Spatial localization data
--- --- ---

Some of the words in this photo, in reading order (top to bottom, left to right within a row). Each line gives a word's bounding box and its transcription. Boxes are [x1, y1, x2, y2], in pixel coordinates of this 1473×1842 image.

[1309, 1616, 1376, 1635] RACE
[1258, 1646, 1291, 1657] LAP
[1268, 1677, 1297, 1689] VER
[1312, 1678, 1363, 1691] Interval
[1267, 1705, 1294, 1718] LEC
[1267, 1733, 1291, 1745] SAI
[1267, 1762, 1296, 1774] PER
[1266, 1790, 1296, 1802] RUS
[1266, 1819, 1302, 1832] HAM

--- --- ---

> [The problem] For each record above, give it again without a single change.

> [Reply to the task]
Some of the words in this photo, in reading order (top to bottom, left to right within a row). Each line gives a word's bounding box and its transcription. Boxes are [x1, y1, x2, y2], in pixel coordinates of this 1473×1842 image.

[1309, 1616, 1376, 1635] RACE
[1258, 1646, 1291, 1657] LAP
[1268, 1677, 1297, 1689] VER
[1312, 1678, 1363, 1691] Interval
[1267, 1705, 1294, 1718] LEC
[1267, 1733, 1291, 1745] SAI
[1267, 1762, 1296, 1774] PER
[1266, 1790, 1296, 1802] RUS
[1266, 1819, 1302, 1832] HAM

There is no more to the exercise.